Every record below, from first to last, should be copied exactly; leave the pictures out.

Images for object localization
[Start of section]

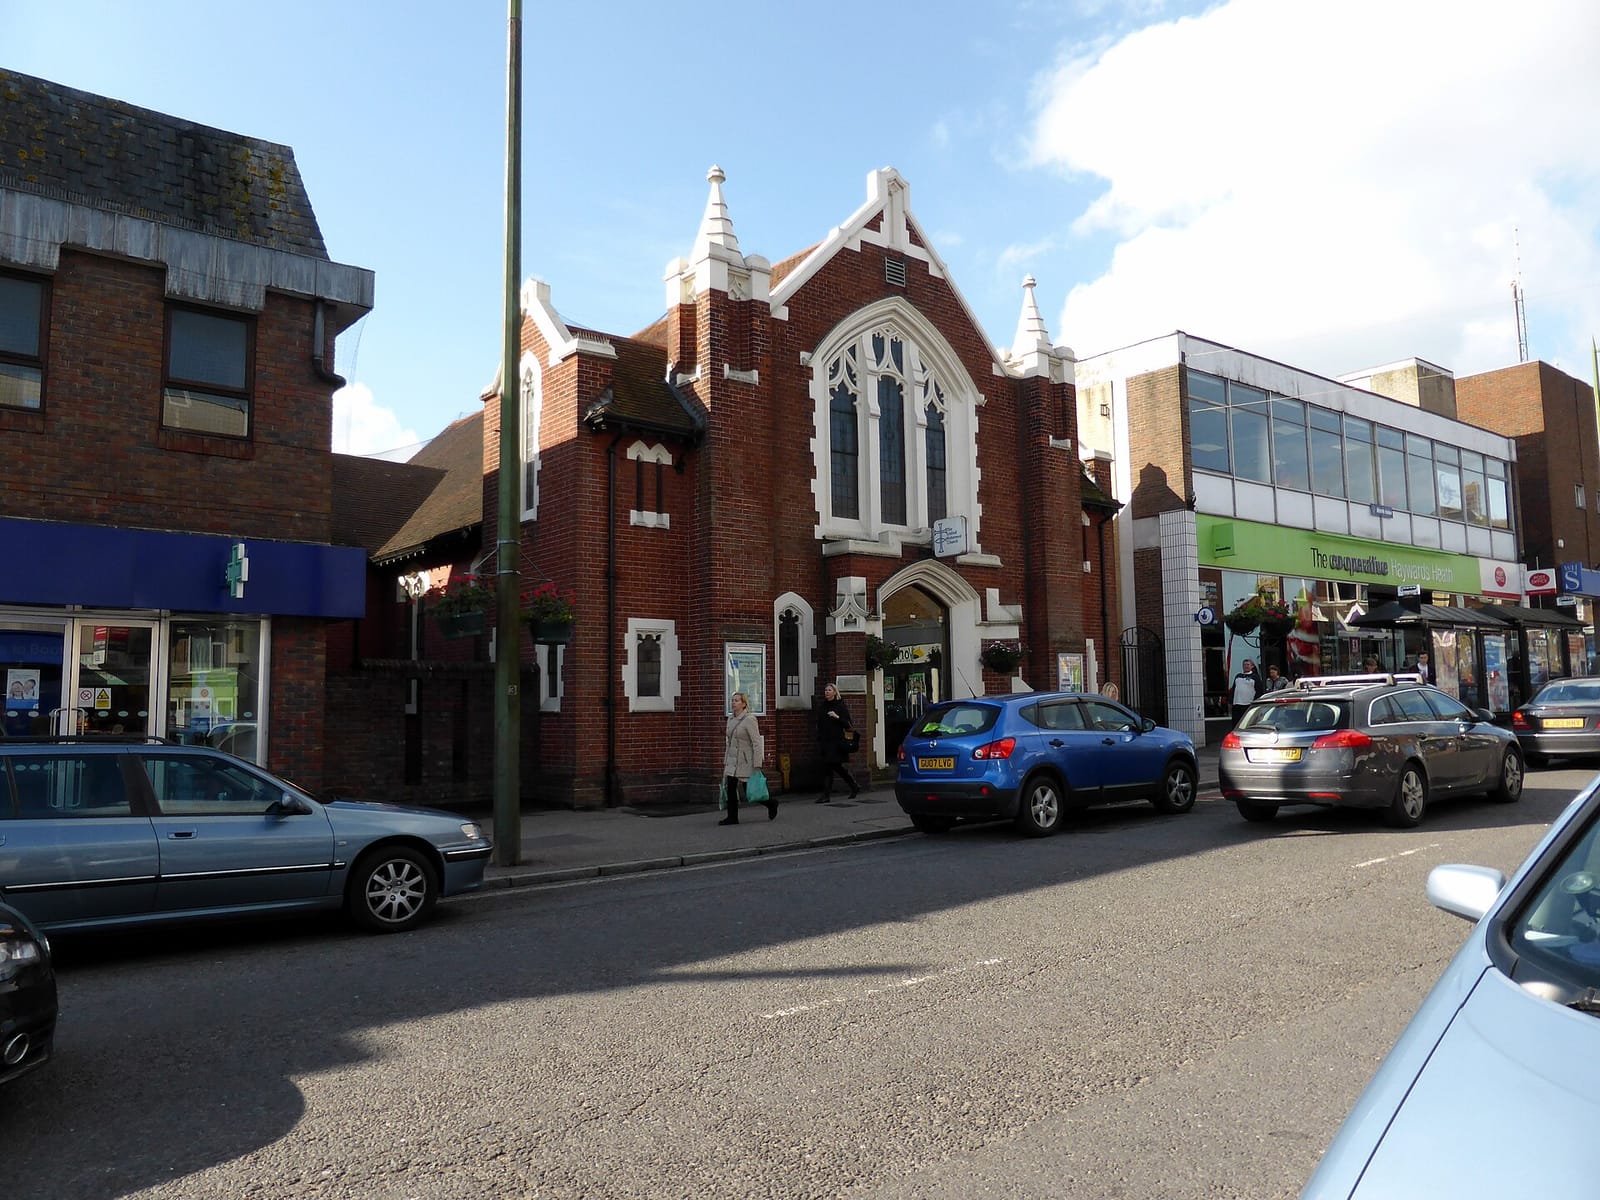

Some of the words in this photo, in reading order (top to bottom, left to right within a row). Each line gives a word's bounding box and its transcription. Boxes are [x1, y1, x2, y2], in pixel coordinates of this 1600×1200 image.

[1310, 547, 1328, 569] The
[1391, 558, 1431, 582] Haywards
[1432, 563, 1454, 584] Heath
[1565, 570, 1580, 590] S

[End of section]

→ **Answer**:
Some of the words in this photo, in reading order (top to bottom, left to right within a row). Each line gives a word's bounding box and its transcription. Boxes are [x1, y1, x2, y2], in pixel coordinates of this 1600×1200 image.

[1310, 547, 1328, 569] The
[1391, 558, 1431, 582] Haywards
[1432, 563, 1454, 584] Heath
[1565, 570, 1580, 590] S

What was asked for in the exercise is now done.